TASK DETAILS:
Copy all the records exactly, but keep the pictures out of your version.

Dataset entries
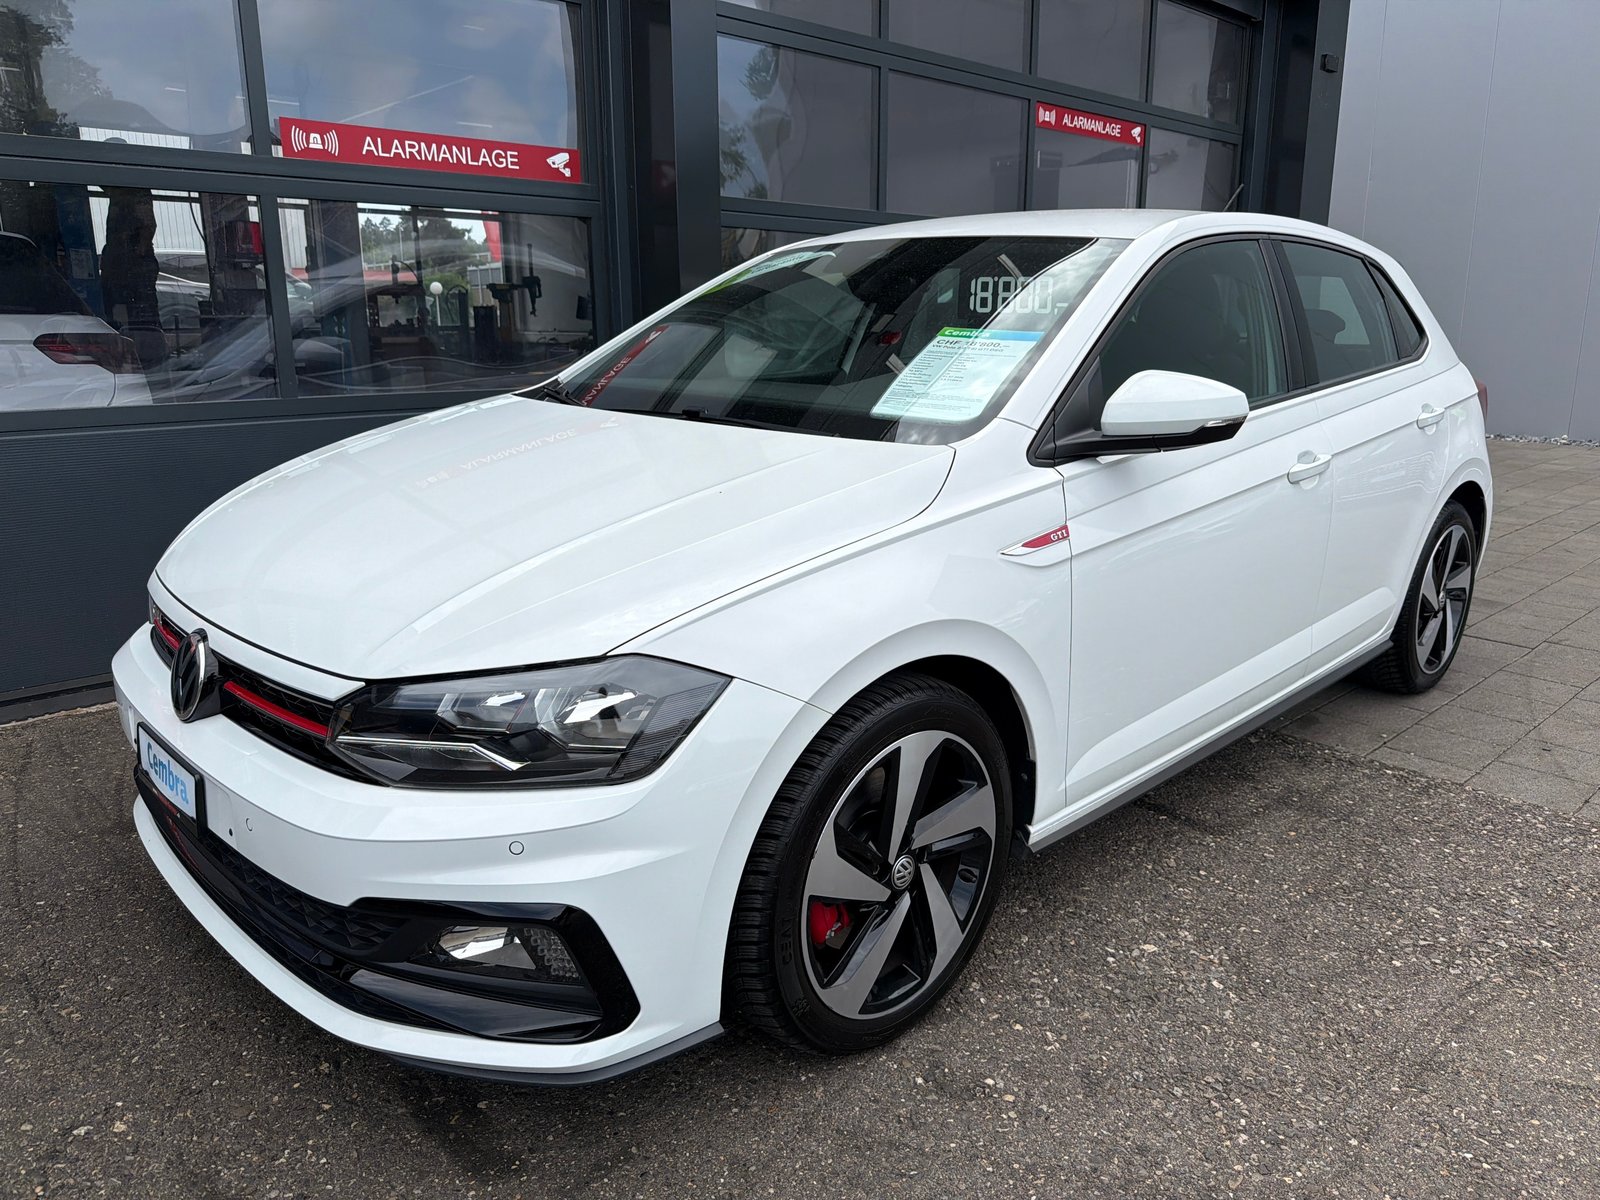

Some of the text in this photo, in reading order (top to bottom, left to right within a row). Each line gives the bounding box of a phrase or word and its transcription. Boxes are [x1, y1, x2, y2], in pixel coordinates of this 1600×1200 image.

[1062, 114, 1121, 137] ALARMANLAGE
[362, 136, 519, 169] ALARMANLAGE
[1050, 530, 1067, 540] GTI
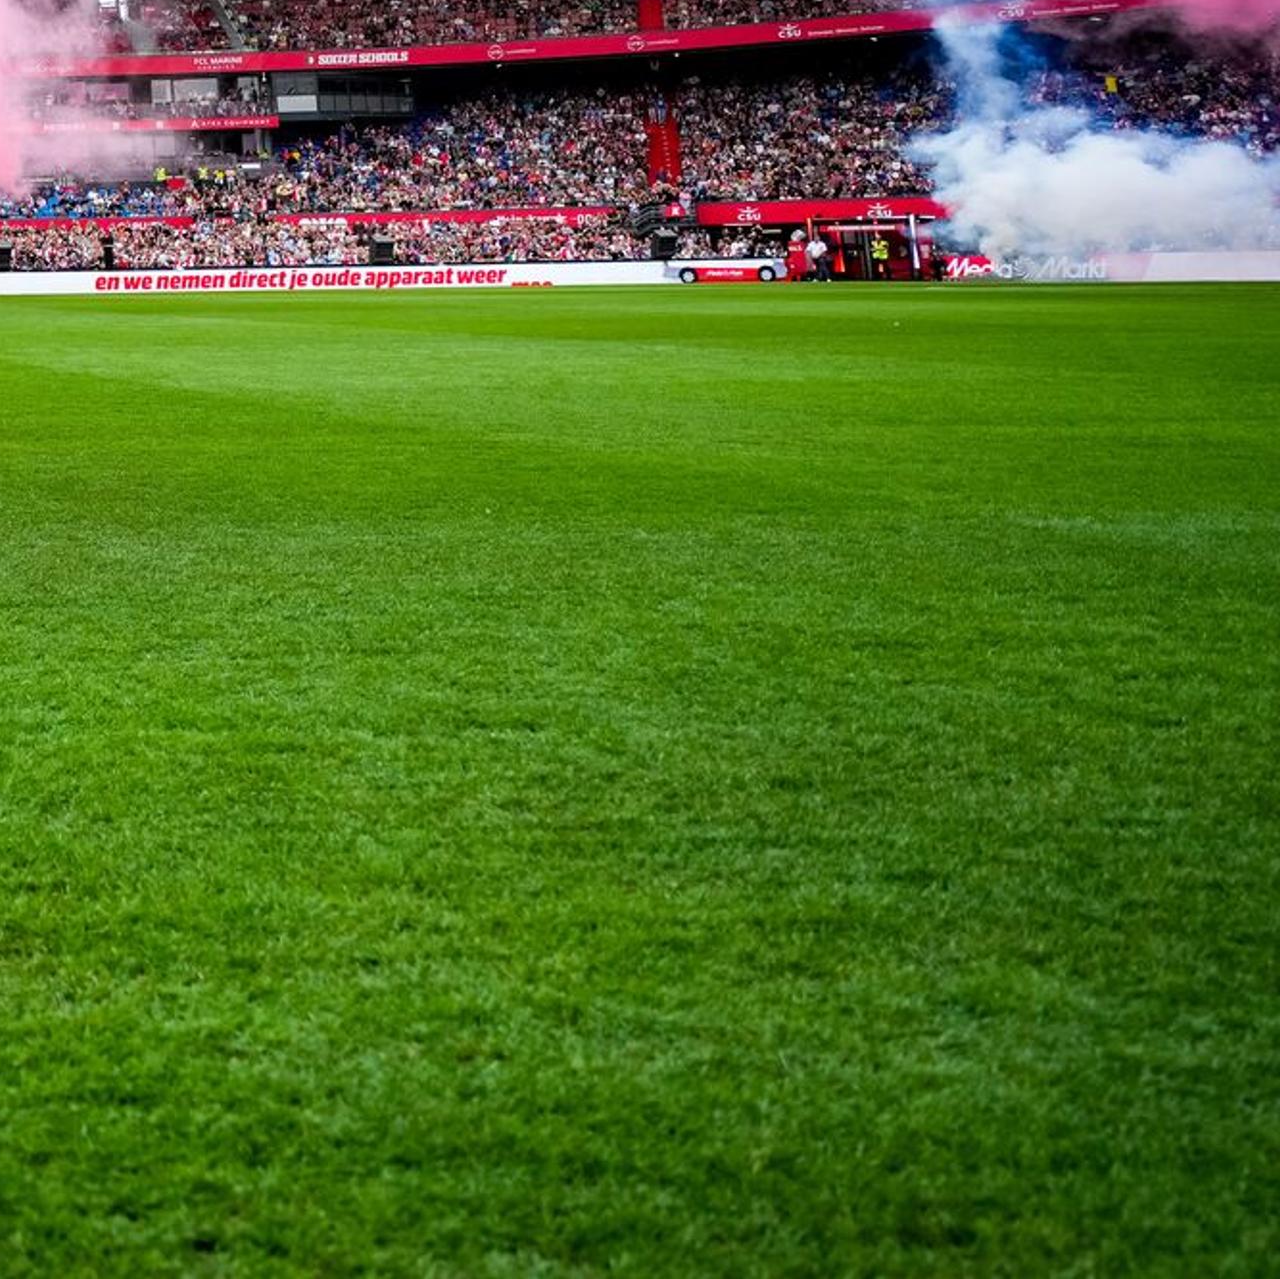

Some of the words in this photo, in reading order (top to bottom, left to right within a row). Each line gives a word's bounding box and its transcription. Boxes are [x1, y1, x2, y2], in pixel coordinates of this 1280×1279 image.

SOLVED EXERCISE:
Some of the text in this photo, in reading order (top to bottom, left to right within a row). Each line gives the bounding box of a phrase or word and its transcription. Boxes are [x1, y1, x2, y2], in pixel coordinates of this 1600×1200 image.

[1062, 114, 1121, 137] ALARMANLAGE
[362, 136, 519, 169] ALARMANLAGE
[1050, 530, 1067, 540] GTI

Some of the words in this photo, in reading order (top to bottom, left to right within a row). Each line gives a word's bounding box and its transcription. Boxes are [x1, y1, x2, y2], in pixel coordinates of this 1280×1279 image.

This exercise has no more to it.